Exercise input below:
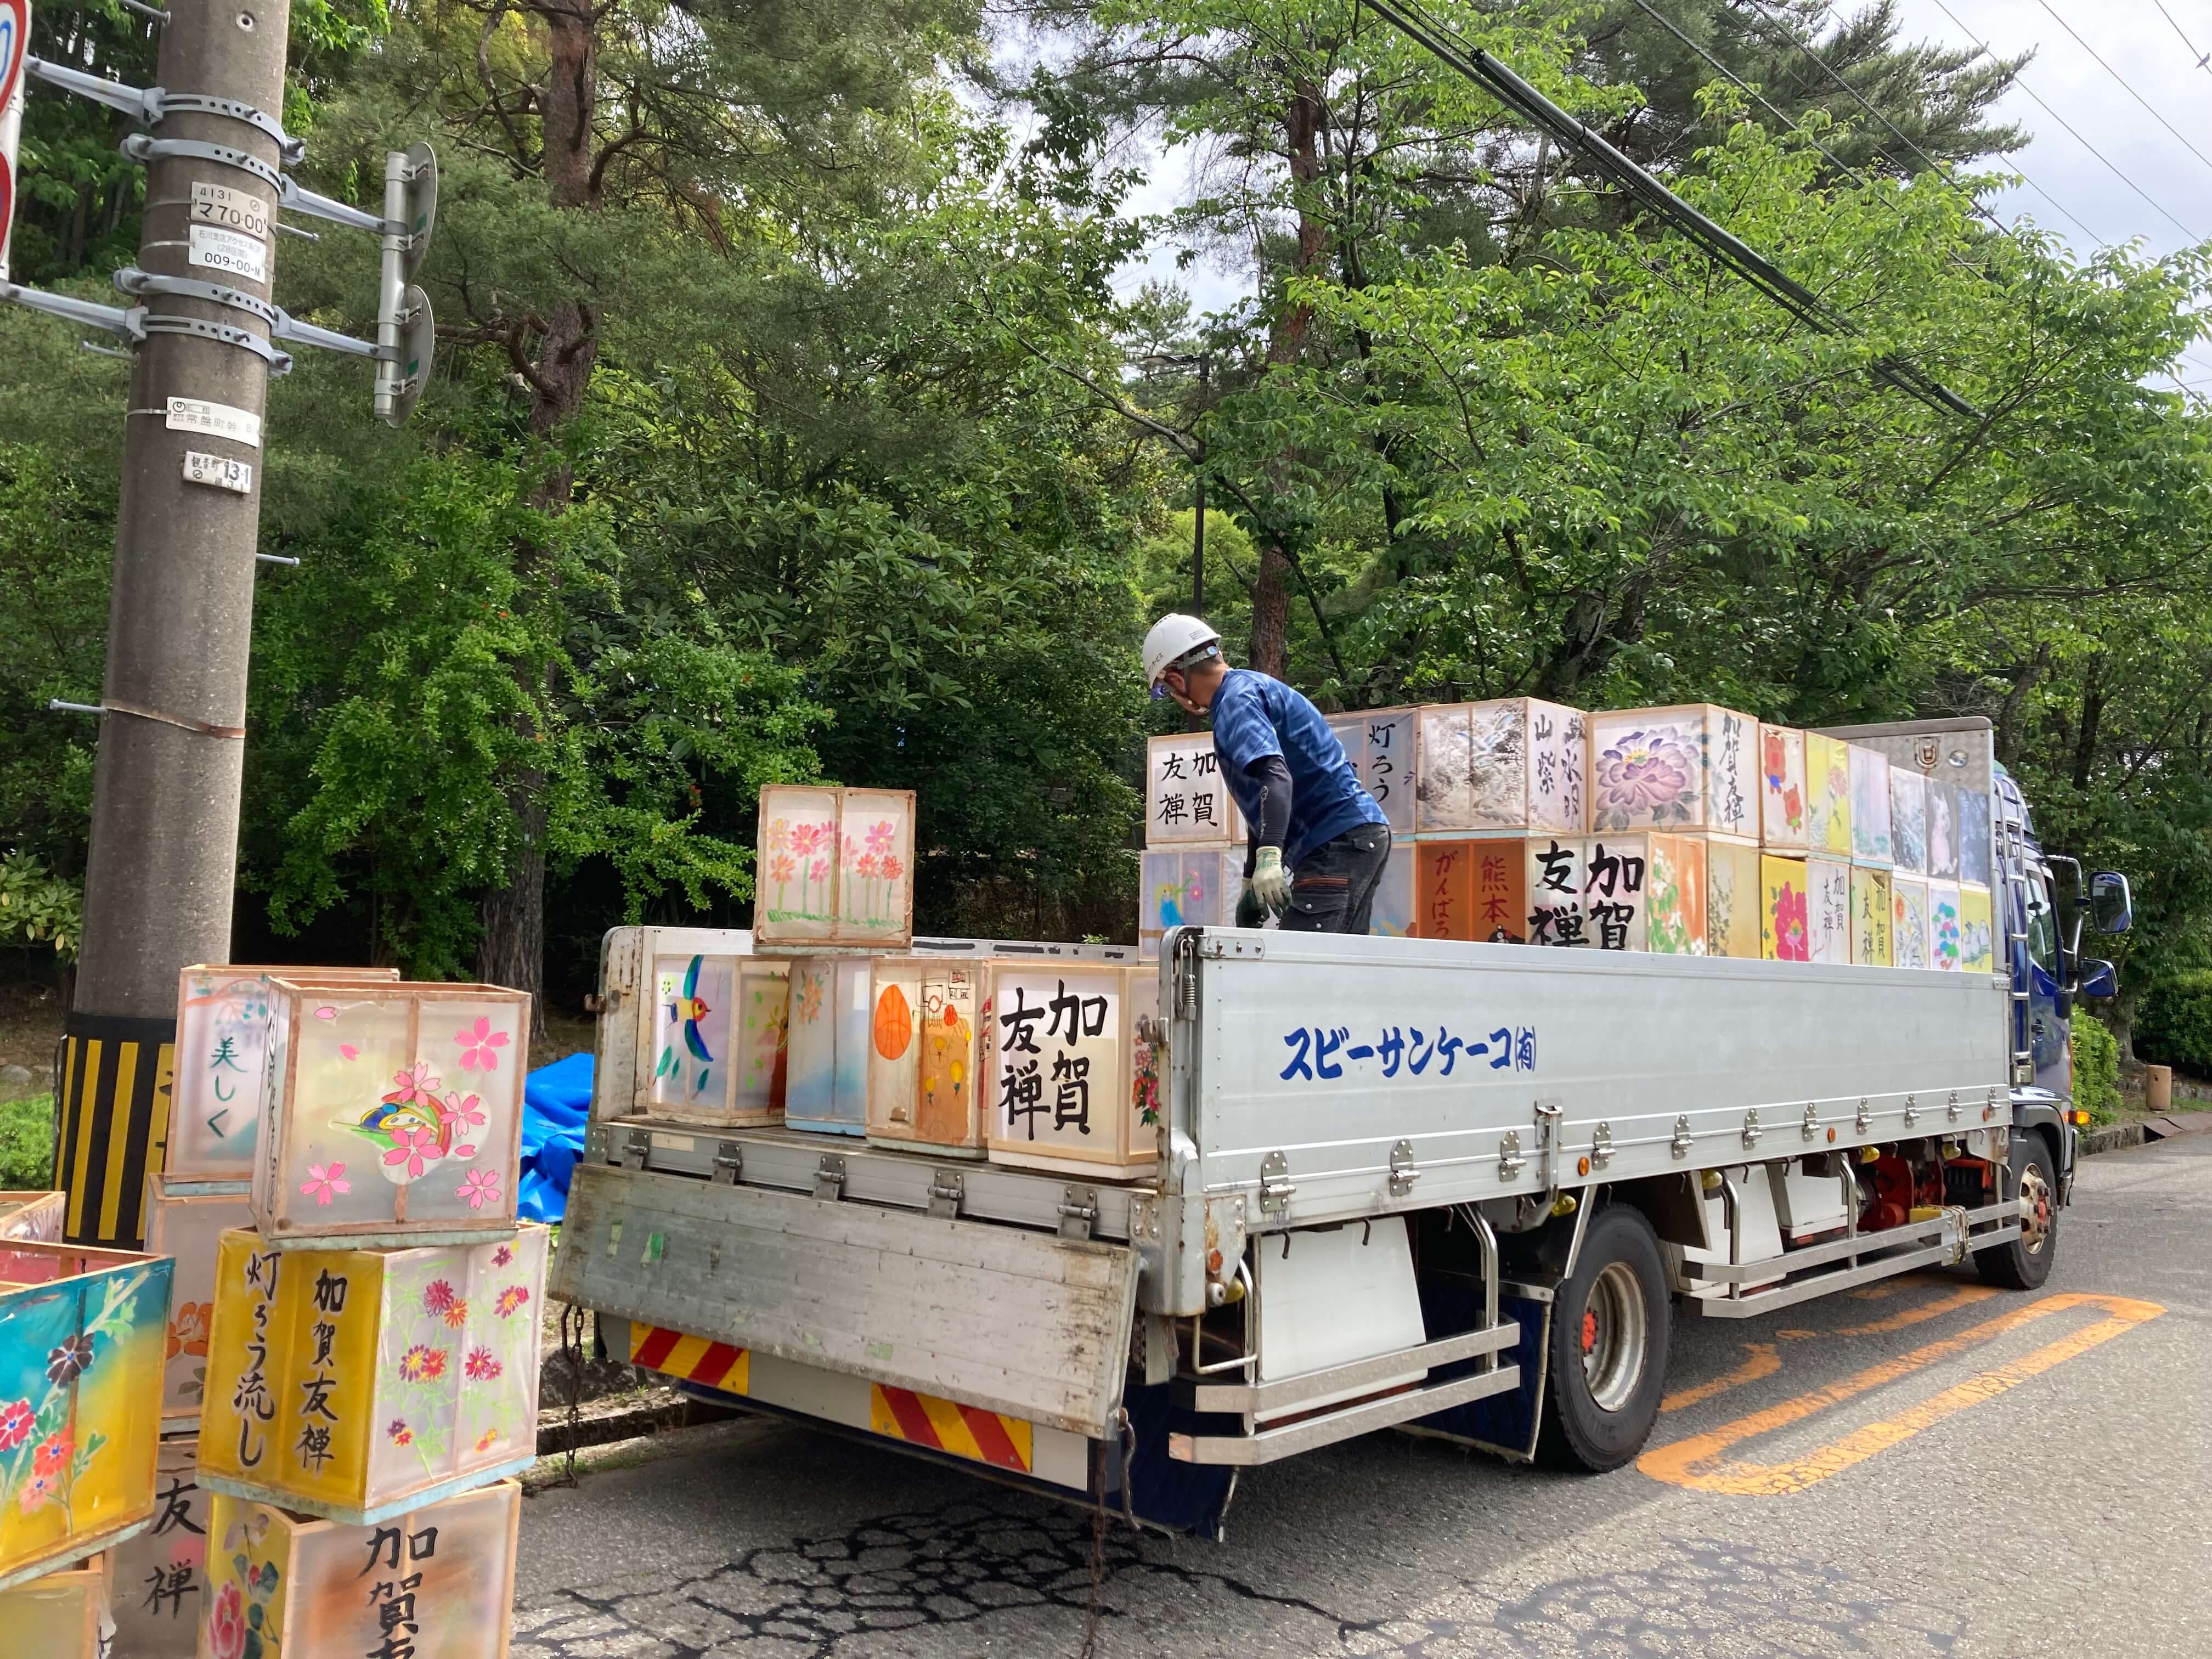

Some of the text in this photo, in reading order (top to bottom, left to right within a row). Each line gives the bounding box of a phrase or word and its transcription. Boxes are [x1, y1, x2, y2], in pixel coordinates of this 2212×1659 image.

[200, 187, 230, 201] 4131
[205, 252, 260, 278] 009-00-M
[1481, 855, 1510, 923] 熊本
[207, 1036, 248, 1138] 美しく
[294, 1268, 347, 1474] 加賀友禅
End of Exercise input.
## Aim of the exercise
Retype the records above exactly, leaving every picture out of your copy.

## Solution to this task
Some of the text in this photo, in reading order (top to bottom, left to right within a row). Each line gives the bounding box of a phrase or word and its transcription. Boxes are [x1, y1, x2, y2], in pixel coordinates of this 2212×1659 image.

[200, 187, 230, 201] 4131
[205, 252, 260, 278] 009-00-M
[1481, 855, 1510, 923] 熊本
[207, 1036, 248, 1138] 美しく
[294, 1268, 347, 1474] 加賀友禅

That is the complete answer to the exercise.